_Data records:_
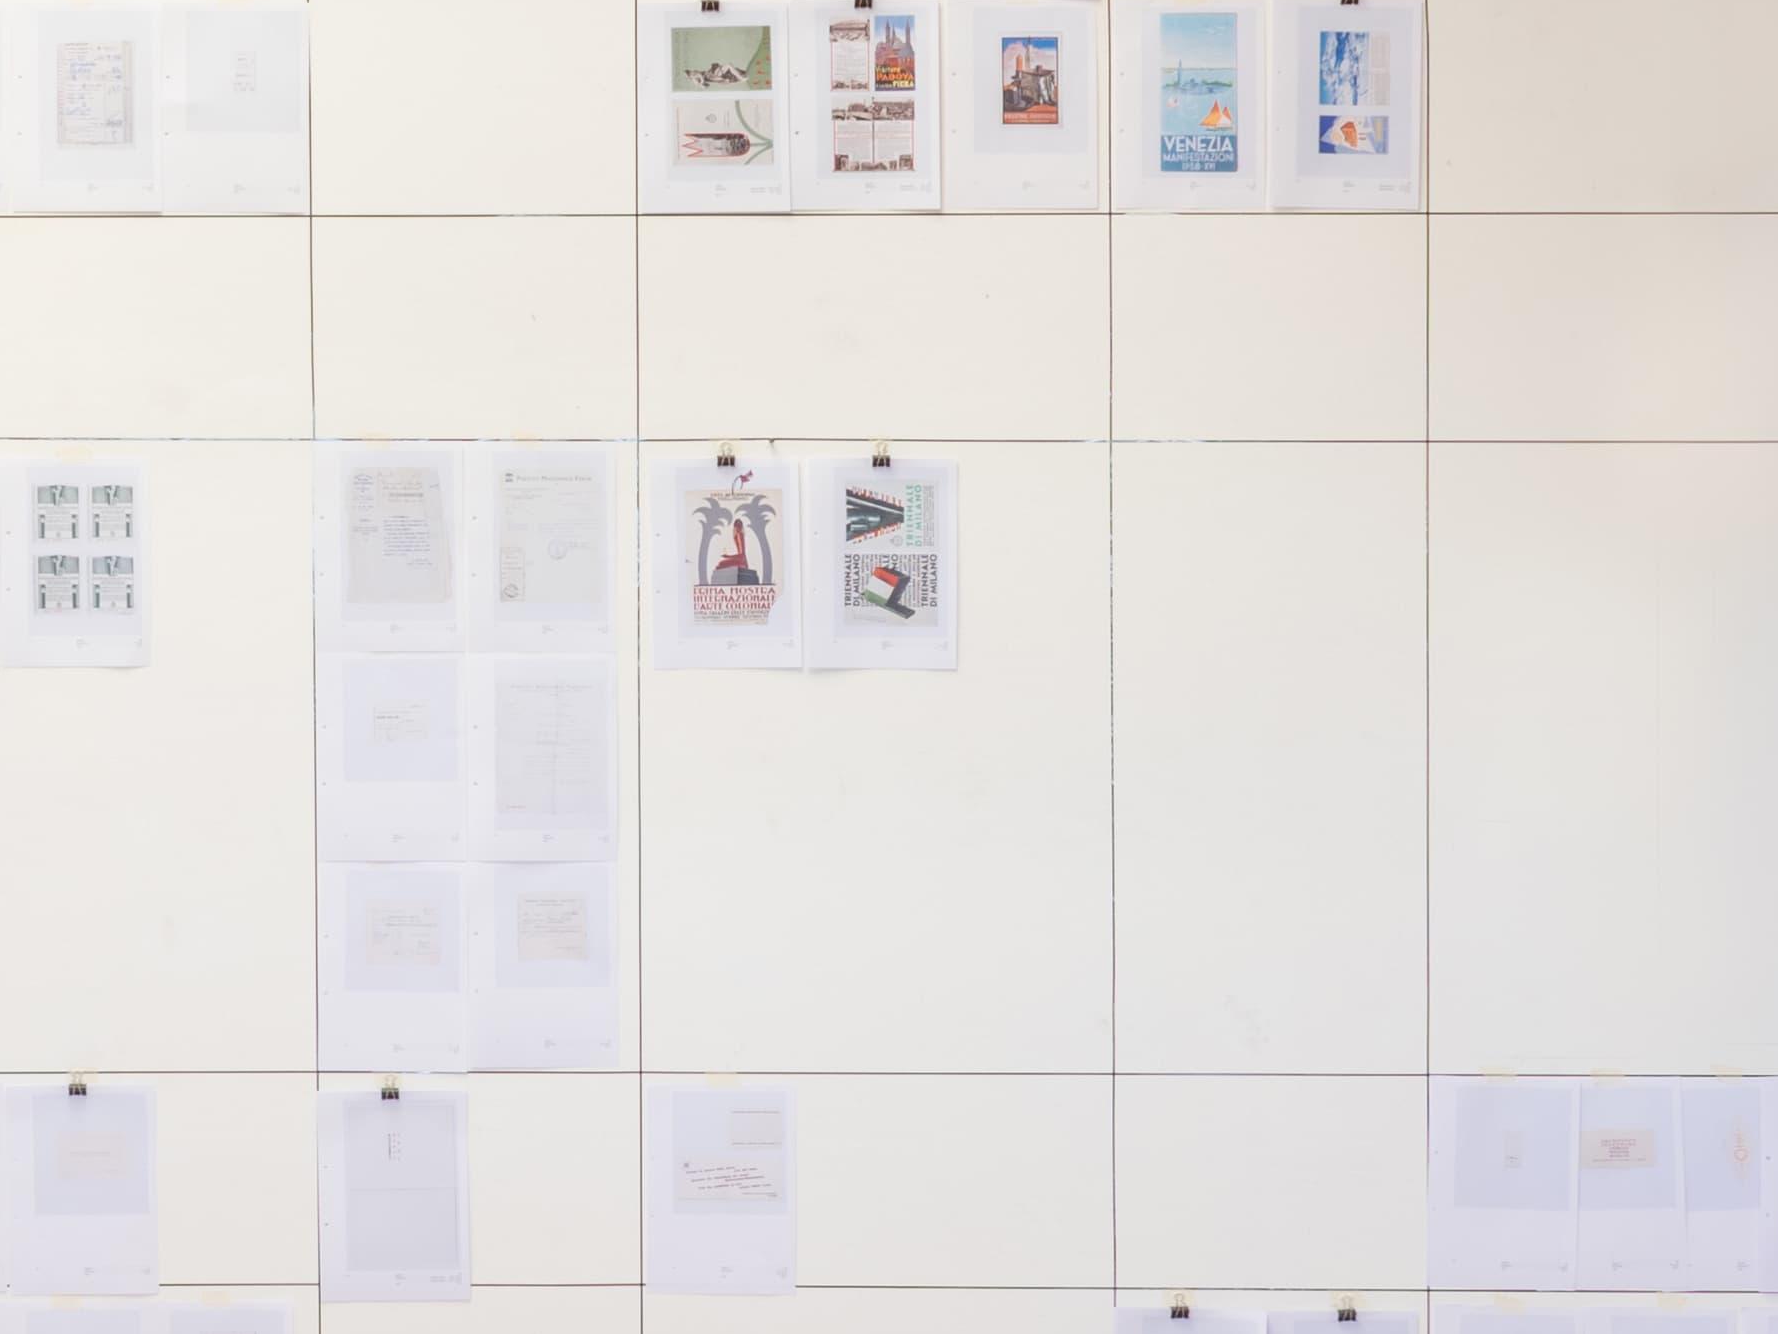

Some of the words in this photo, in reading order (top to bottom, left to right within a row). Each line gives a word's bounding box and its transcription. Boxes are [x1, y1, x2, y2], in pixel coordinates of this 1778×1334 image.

[1163, 136, 1233, 152] VENEZIA
[914, 484, 922, 531] MILANO
[914, 535, 922, 547] DI
[844, 554, 852, 607] TRIENNALE
[921, 554, 929, 607] TRIENNALE
[853, 596, 860, 607] DI
[930, 596, 937, 607] DI
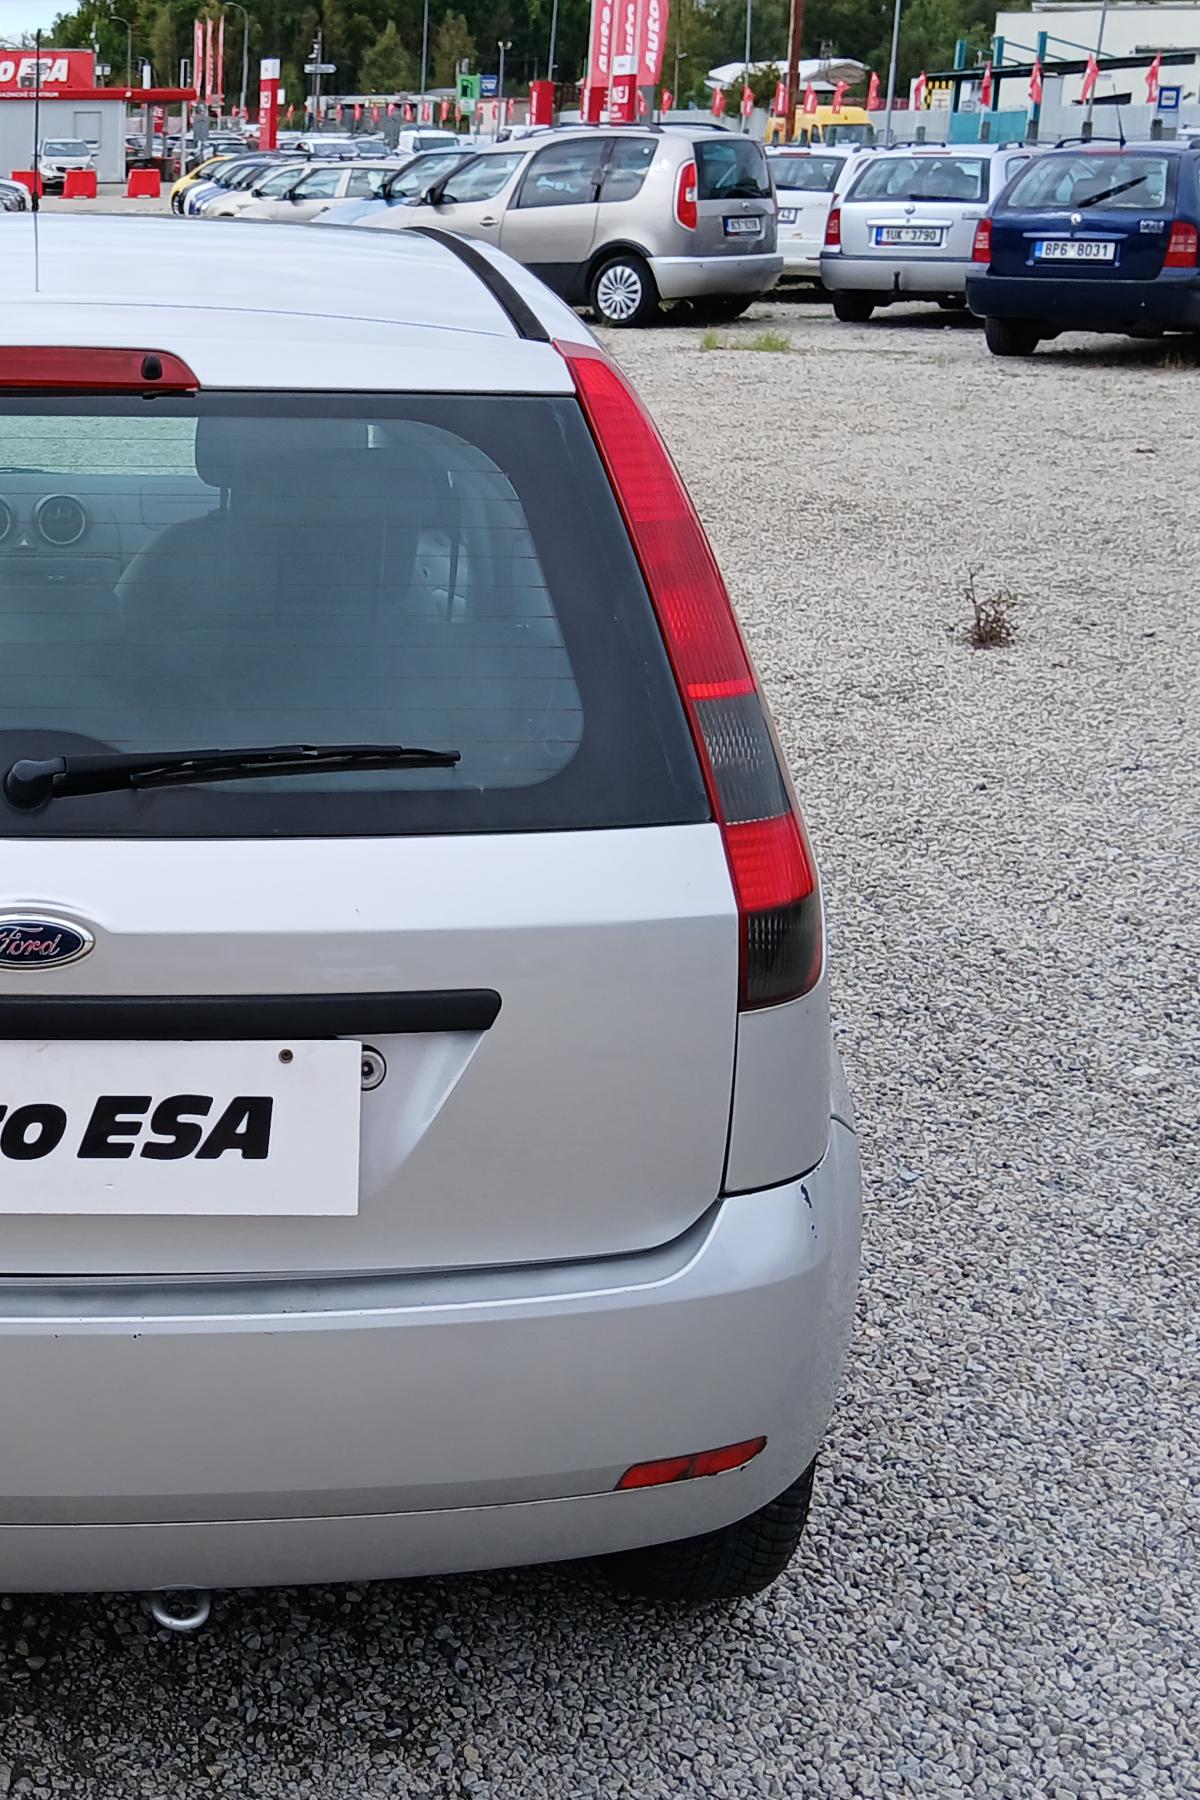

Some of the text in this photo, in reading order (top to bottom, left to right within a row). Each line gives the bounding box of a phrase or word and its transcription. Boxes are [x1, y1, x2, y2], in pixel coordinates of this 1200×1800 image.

[885, 229, 937, 241] 1UK 3790
[1076, 243, 1109, 257] 8031
[76, 1094, 274, 1161] ESA
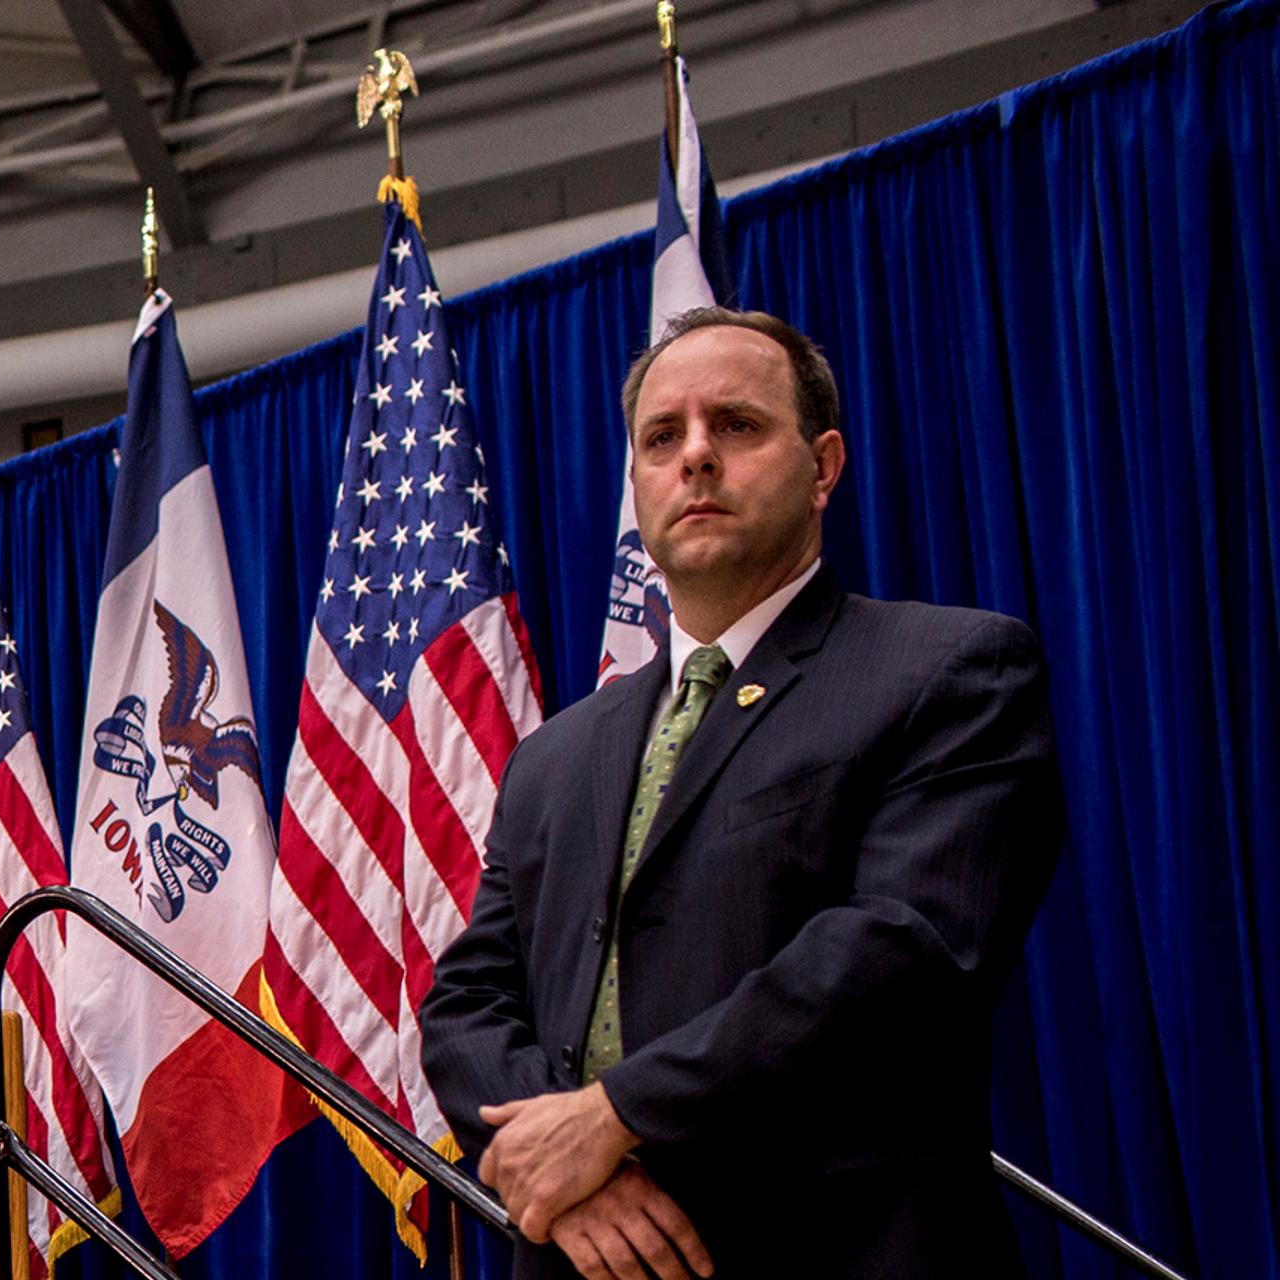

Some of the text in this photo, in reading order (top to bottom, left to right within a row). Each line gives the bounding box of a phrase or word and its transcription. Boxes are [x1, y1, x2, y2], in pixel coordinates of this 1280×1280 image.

[610, 602, 633, 621] WE
[111, 758, 131, 774] WE
[180, 818, 225, 855] RIGHTS
[151, 839, 181, 900] MAINTAIN
[171, 839, 213, 884] WE WILL
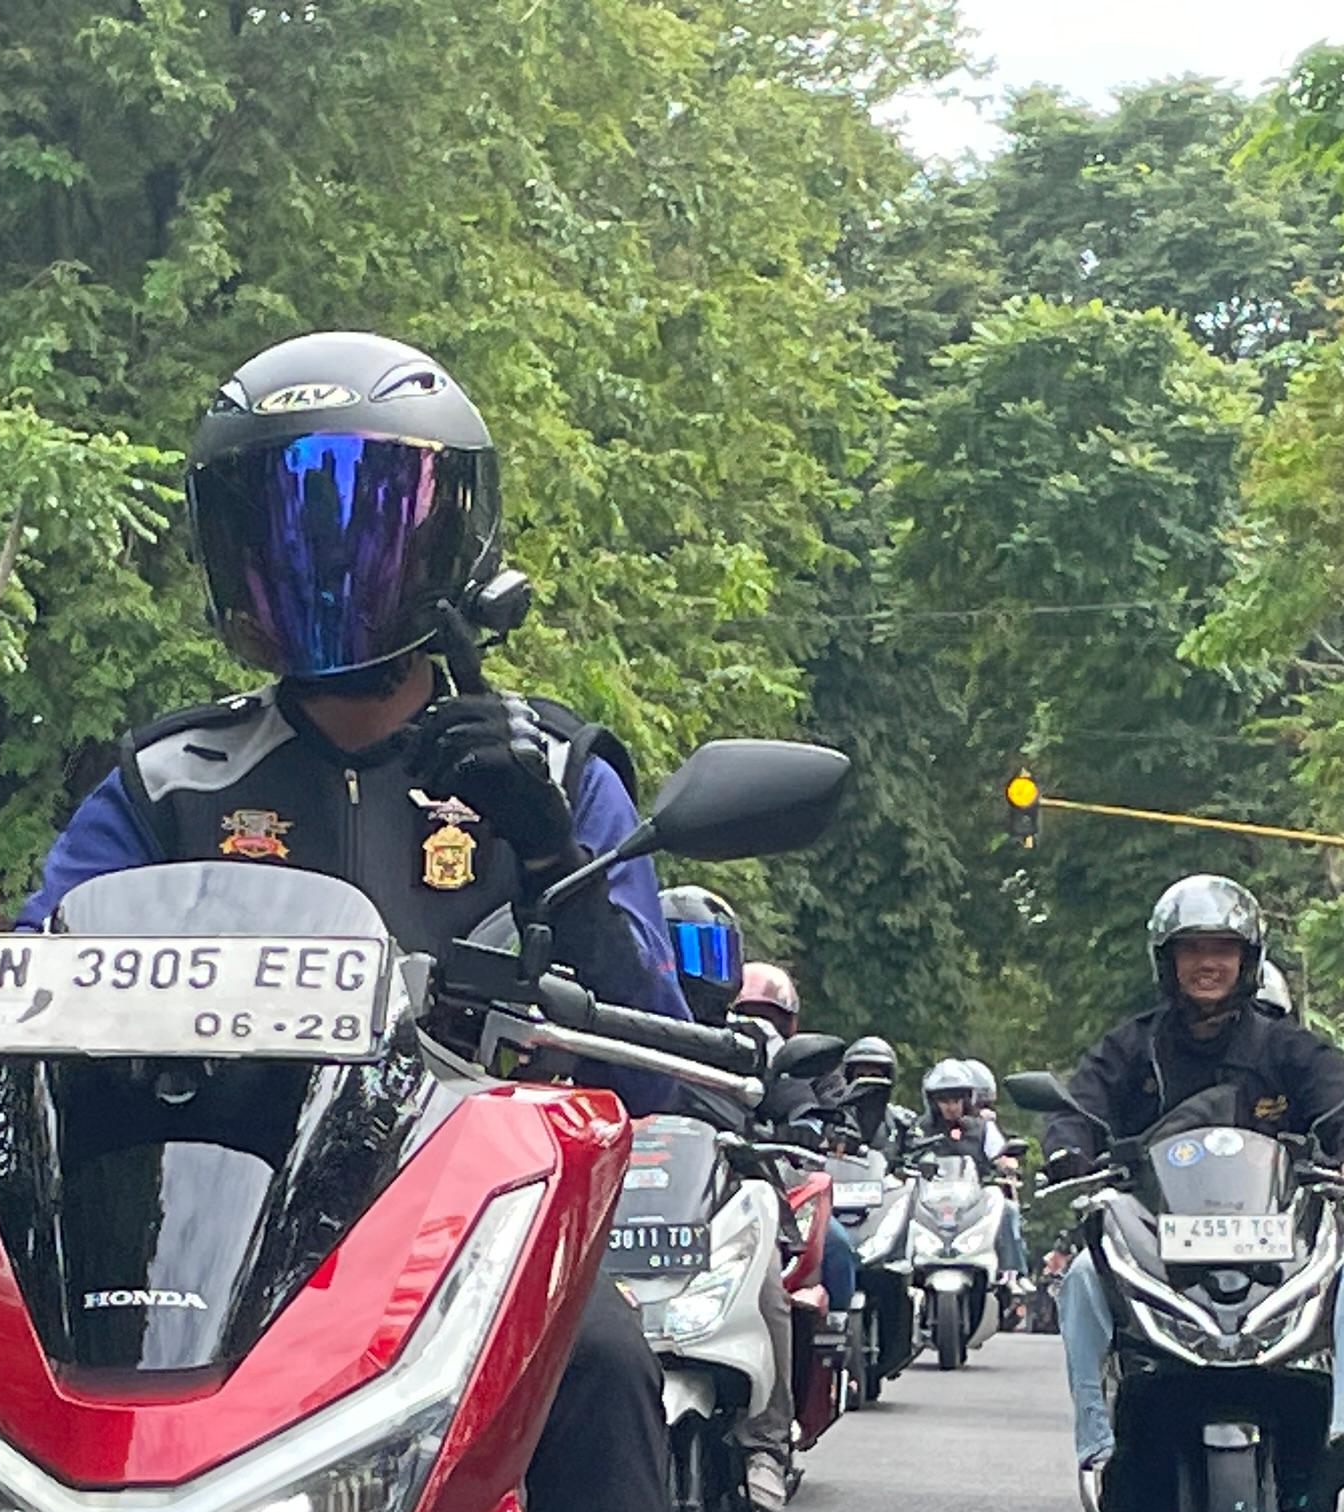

_Work order:_ With the pictures set aside, write out the whole listing exactly.

_Reply:_
Some of the words in this photo, in reading order (top to bottom, left to right within a row). Each line gives a word's bounding box and its transcription. Boxes are [x1, y1, x2, y2], in pixel coordinates of this 1778×1334 image.

[1163, 136, 1233, 152] VENEZIA
[914, 484, 922, 531] MILANO
[914, 535, 922, 547] DI
[844, 554, 852, 607] TRIENNALE
[921, 554, 929, 607] TRIENNALE
[853, 596, 860, 607] DI
[930, 596, 937, 607] DI

Some of the text in this photo, in reading order (top to bottom, left to right within a row). Each line gives the bounding box of a phrase or word and its transcription. Boxes are [x1, y1, x2, y2], in pixel coordinates of this 1200×1800 image.

[885, 229, 937, 241] 1UK 3790
[1076, 243, 1109, 257] 8031
[76, 1094, 274, 1161] ESA

Some of the text in this photo, in reading order (top to bottom, left to right within a row). Each line gives the bounding box of a phrase or word and its transcription. Boxes are [x1, y1, x2, y2], in pixel coordinates of this 1280×1280 image.

[610, 602, 633, 621] WE
[111, 758, 131, 774] WE
[180, 818, 225, 855] RIGHTS
[151, 839, 181, 900] MAINTAIN
[171, 839, 213, 884] WE WILL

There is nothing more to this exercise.